First up, calling someone with 62 combat missions including being shot
down "a coward" risks a certain terminological inexactitude.
Secondly, techniques have improved. Men do fail under pressu but
we're better at fixing them. IIRC something like 40% of Israeli
battlefield casualties in the first days of the 1973 war were what could
be called "LMF" or similar in WW2: but almost all those troops were back
in combat within 48 hours. (Layman's understanding of a complex
technique: you don't stigmatise the guy as a coward, you treat him as a
casualty with the solid expectation that he's going to get better soon
and go back to help his friends who need his assistance ASAP. In other
words, get him back to his unit and have him finish his missions)
But he still wouldn't fly. But
everyone else in the 344th damn well had to fly.

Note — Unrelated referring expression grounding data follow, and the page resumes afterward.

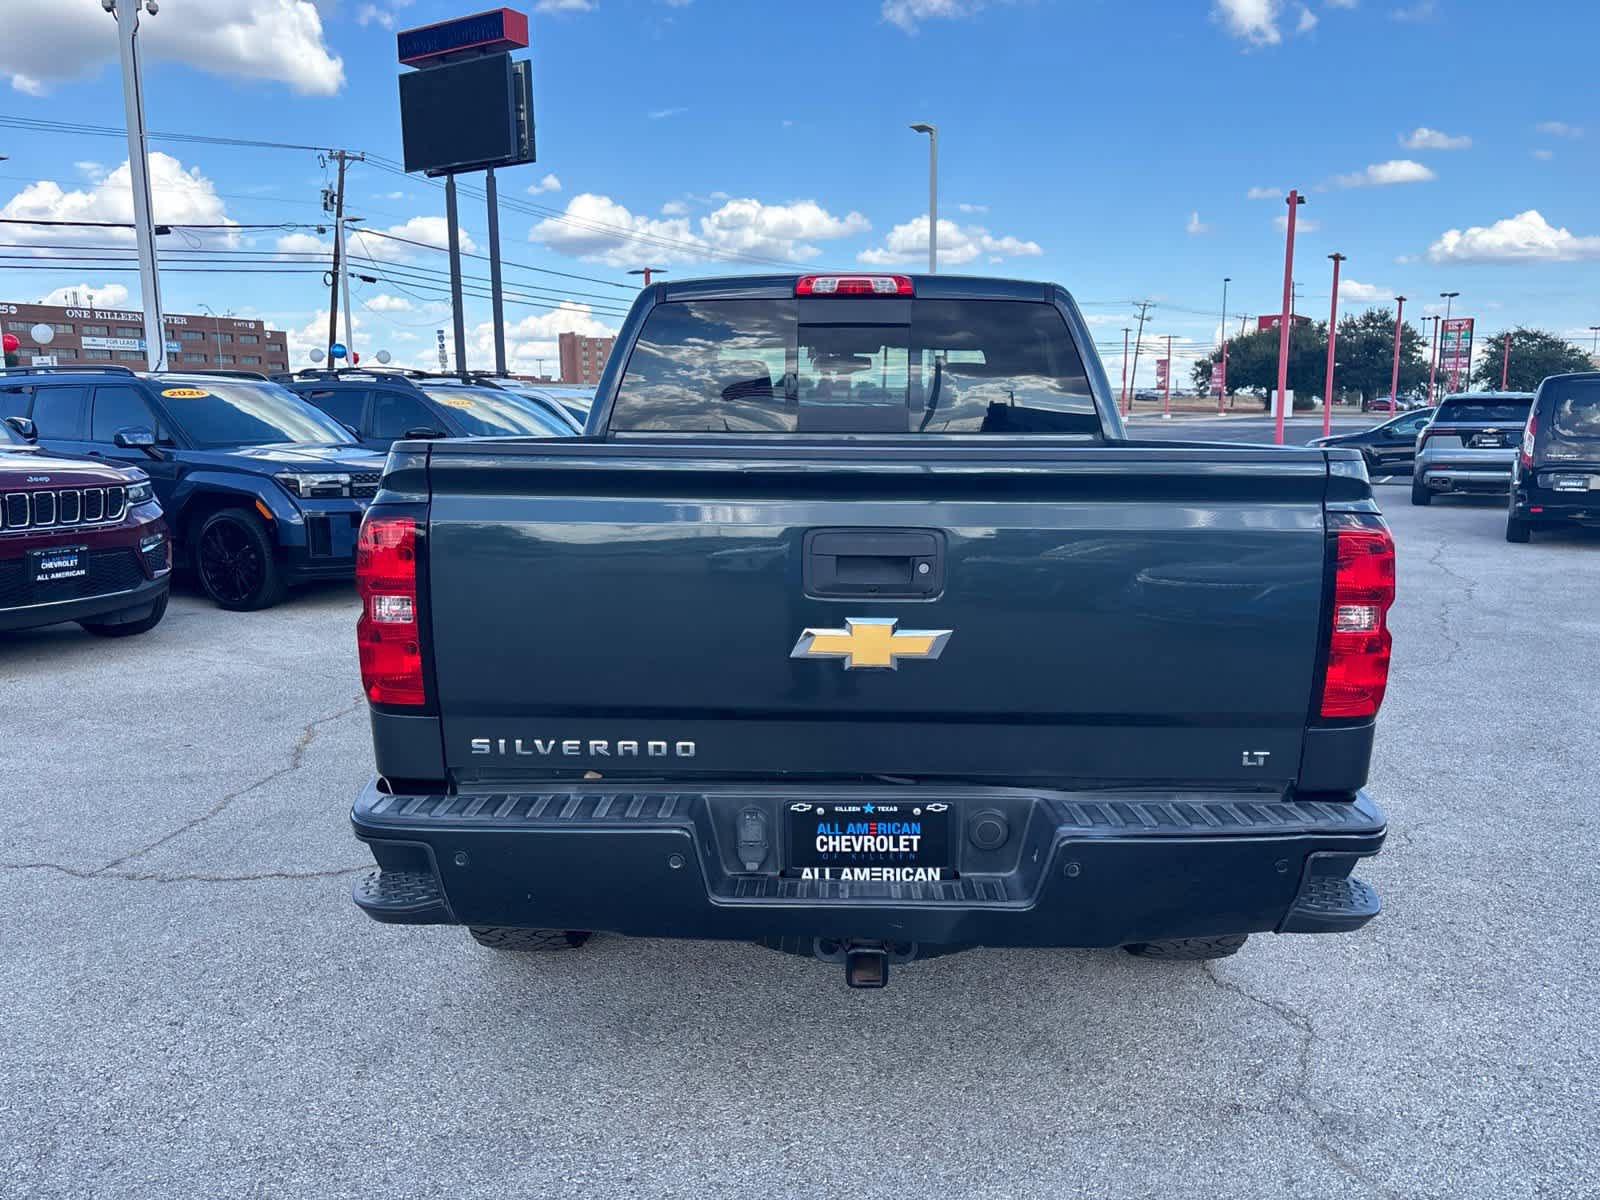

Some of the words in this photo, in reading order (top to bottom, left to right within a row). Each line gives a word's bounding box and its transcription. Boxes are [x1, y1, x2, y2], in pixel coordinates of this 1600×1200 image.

[65, 309, 91, 319] ONE
[95, 311, 143, 322] KILLEEN
[41, 559, 78, 570] CHEVROLET
[50, 569, 86, 579] AMERICAN
[471, 738, 696, 757] SILVERADO
[1242, 751, 1271, 767] LT
[817, 822, 843, 835] ALL
[846, 822, 921, 835] AMERICAN
[816, 835, 921, 852] CHEVROLET
[840, 867, 941, 882] AMERICAN
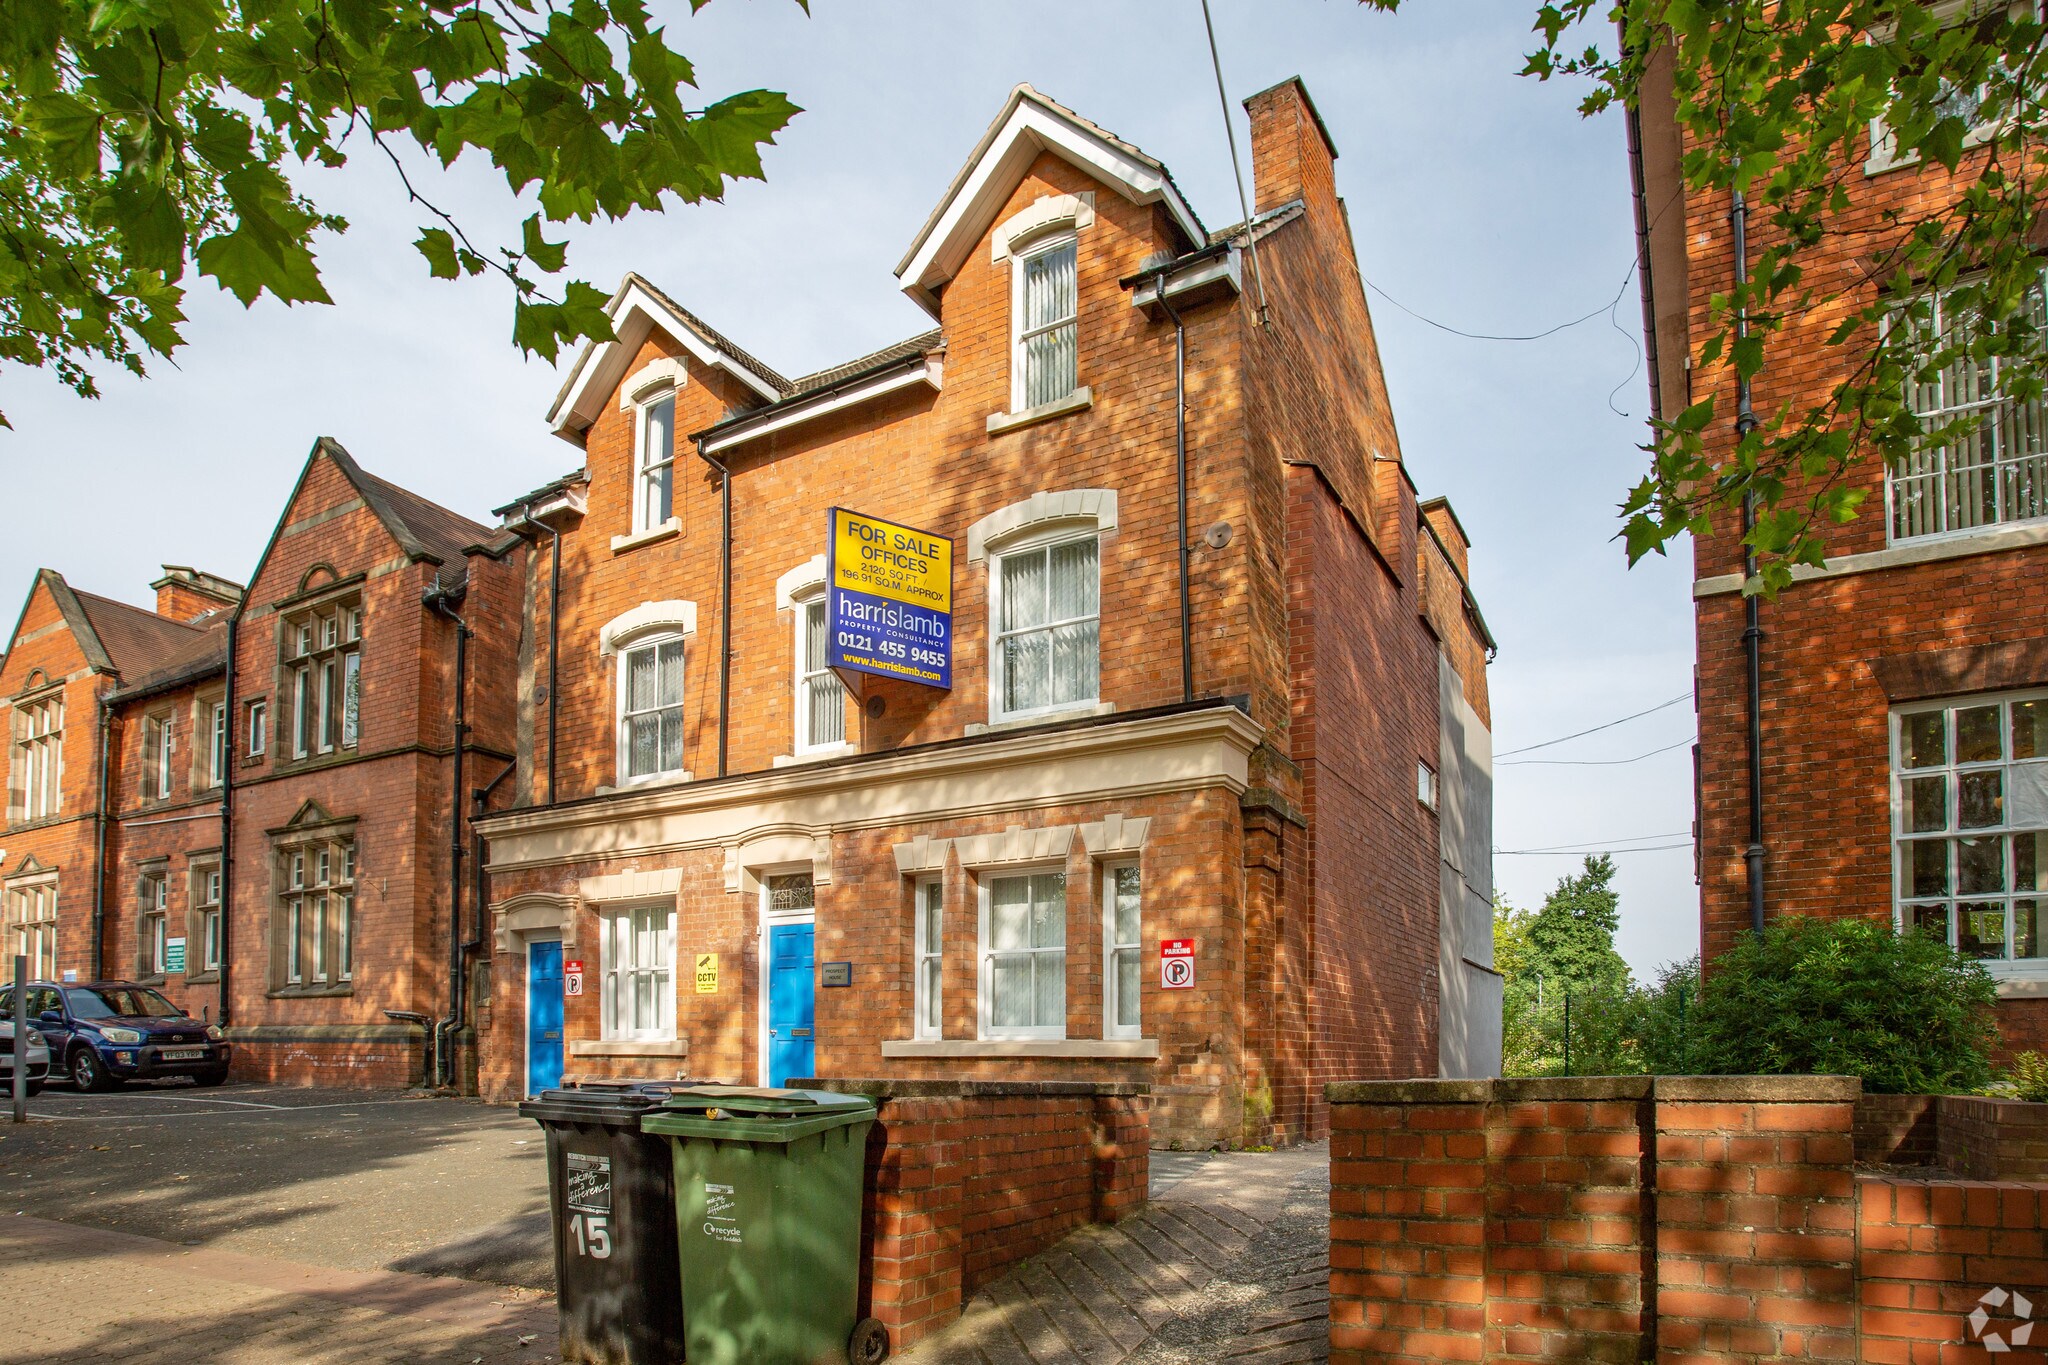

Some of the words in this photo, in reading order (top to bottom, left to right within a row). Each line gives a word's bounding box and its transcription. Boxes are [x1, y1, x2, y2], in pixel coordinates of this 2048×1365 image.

[848, 521, 886, 545] FOR
[893, 533, 940, 560] SALE
[861, 545, 928, 574] OFFICES
[841, 568, 872, 583] 196.91
[906, 584, 944, 602] APPROX
[840, 592, 945, 638] harrislamb
[839, 619, 882, 633] PROPERTY
[886, 629, 945, 648] CONSULTANCY
[838, 631, 873, 652] 0121
[878, 640, 906, 659] 455
[911, 647, 946, 668] 9455
[842, 653, 942, 682] www.harrislamb.com
[697, 972, 717, 982] CCTV
[568, 1170, 598, 1186] making
[580, 1182, 585, 1190] a
[568, 1182, 610, 1204] difference
[706, 1195, 726, 1205] making
[706, 1201, 736, 1215] difference
[569, 1214, 611, 1259] 15
[715, 1227, 741, 1236] recycle

Another reason this is a damn difficult question: does _anyone_ really
want to fly those last few missions before the end of the tour? No
personal experience, but I've read infantry memoirs from Vietnam of how
"short-timers" sometimes got very gunshy... nobody wanted to become a
KIA a week or two from their escape date. But I would get really angry
if I felt that a cadre of folk were getting the easy jobs while I took
the risks, simply because they'd been in-theatre longer than me.
Similarly I'm sure I'd get very jumpy in the last few days / last few
missions of a term-limited deployment.
Part of me says that this wolfpack reaction he recieved was very wrong.

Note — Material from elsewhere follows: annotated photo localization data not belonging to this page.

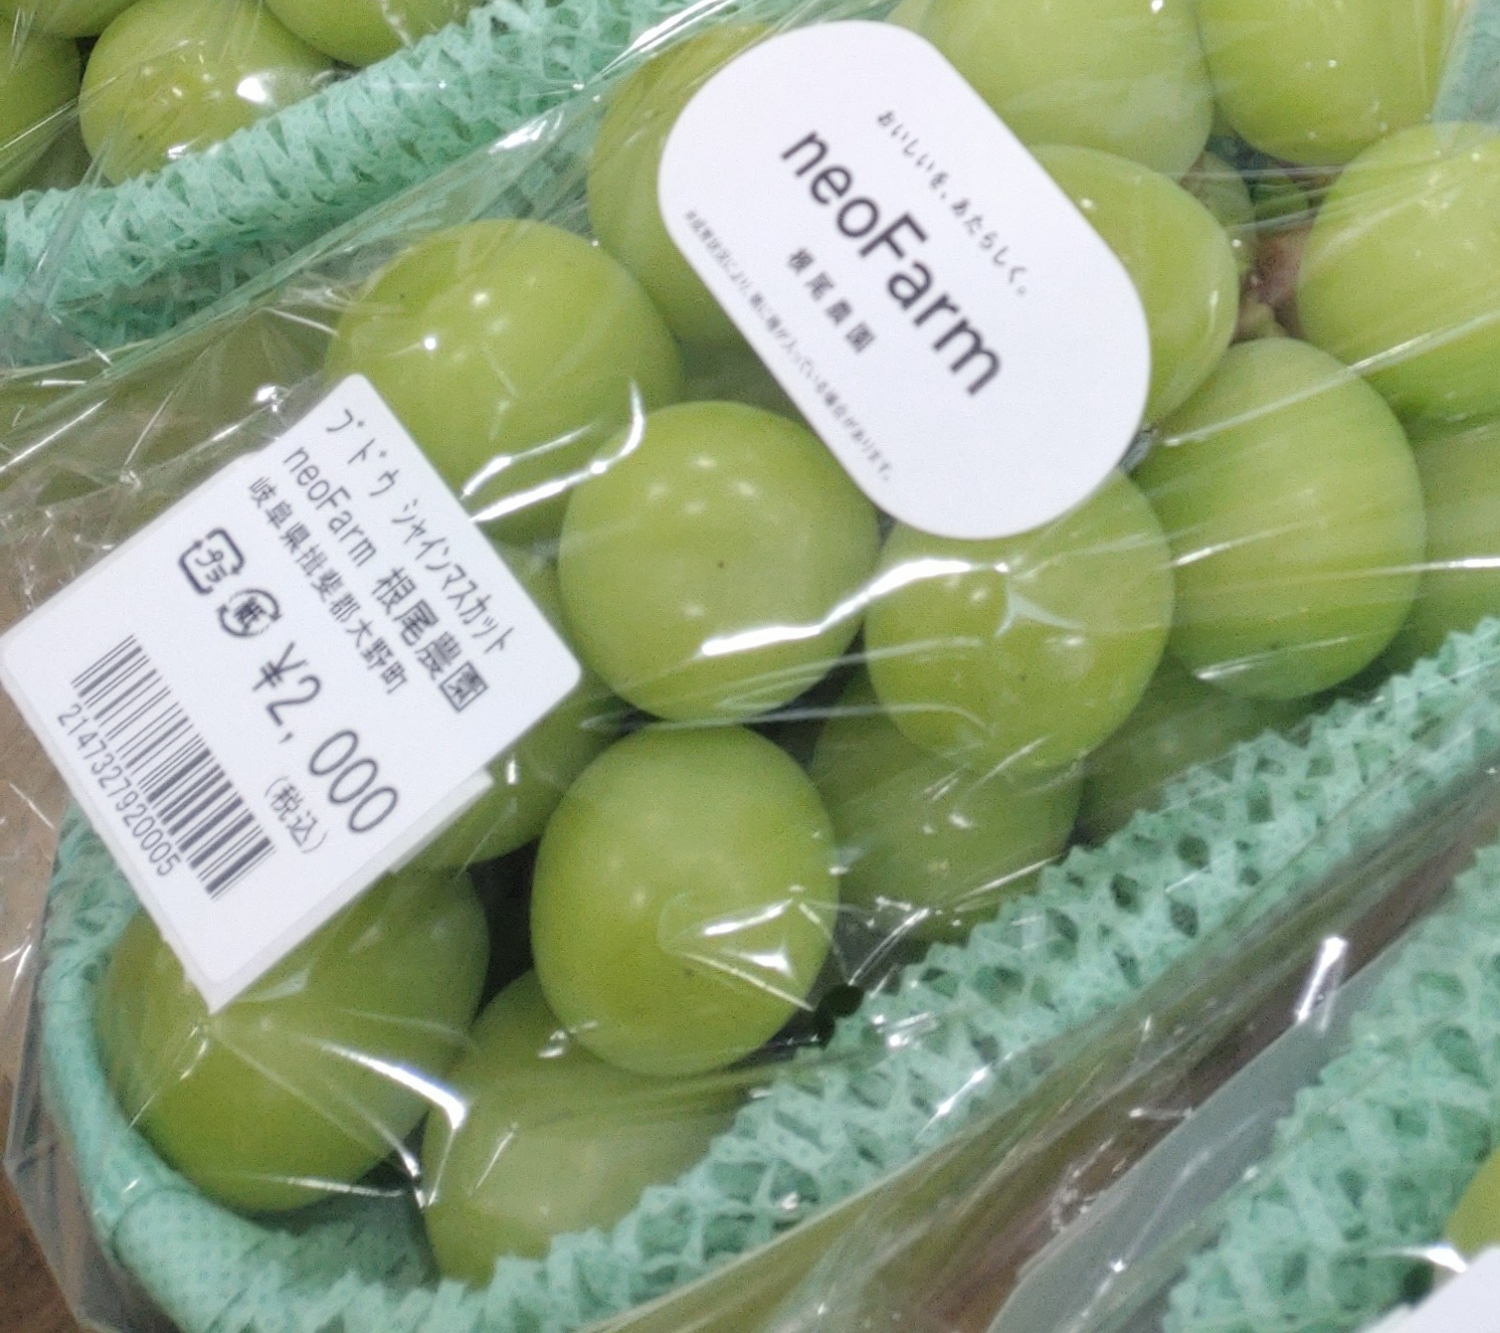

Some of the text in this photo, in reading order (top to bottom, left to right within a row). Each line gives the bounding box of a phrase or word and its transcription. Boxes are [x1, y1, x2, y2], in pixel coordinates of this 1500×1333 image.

[780, 130, 1003, 398] neoFarm
[877, 108, 1029, 297] おいしいを、あたらしく。
[248, 475, 412, 696] 岐阜県揖斐郡大野町
[282, 445, 490, 715] neoFarm 根尾農園
[325, 406, 516, 657] ブドウ シャインマスカット
[55, 703, 181, 879] 2147327920005
[251, 642, 401, 834] ¥2,000
[264, 775, 331, 855] (税込)

But part of me understands it: when you're fighting fear yourself,
seeing others lose their battle and go apparently unpunished is almost
toxic. "If he can chicken out then why do _I_ have to go?" must be a
hellish hard argument for commanders to deal with when they're
continuing to send the rest of the squadron out.
Art, would it have been different if the guy had had these problems
after a dozen missions, been gone a couple of weeks, then come back to
fly the rest of his tour without notable heroism but in regulation
style? Was it that he refused to go, or that he refused to finish his
tour, that you and your comrades found so offensive?
What would it have taken for him to redeem an initial refusal to return?
Would his finishing his tour and flying three missions (or two as lead)
have been sufficient? If he dropped out at 62, would _anything_ else he
did have counted? (Wide open question... to give an extreme, if he'd
refused to fly in a Marauder ever again, but instead walked to
Berchtesgaden and personally cut Adolf Hitler's throat, would your unit
still have condemned him so fully?)
Fast forward 15 years
to a reunion of the 344th Bomb Group. Who should walk in but our old
friend
Captain Johnson. No one spoke to him. Many just turned their backs on
him. I
felt sorry for him. But while we were risking our necks over Germany and
losing
good men, he was curled up and whining under a blanket. He flew with us,
but
after that not a single man in the 344th considered him to be one of us.
From outside, I admit to finding this fascinating.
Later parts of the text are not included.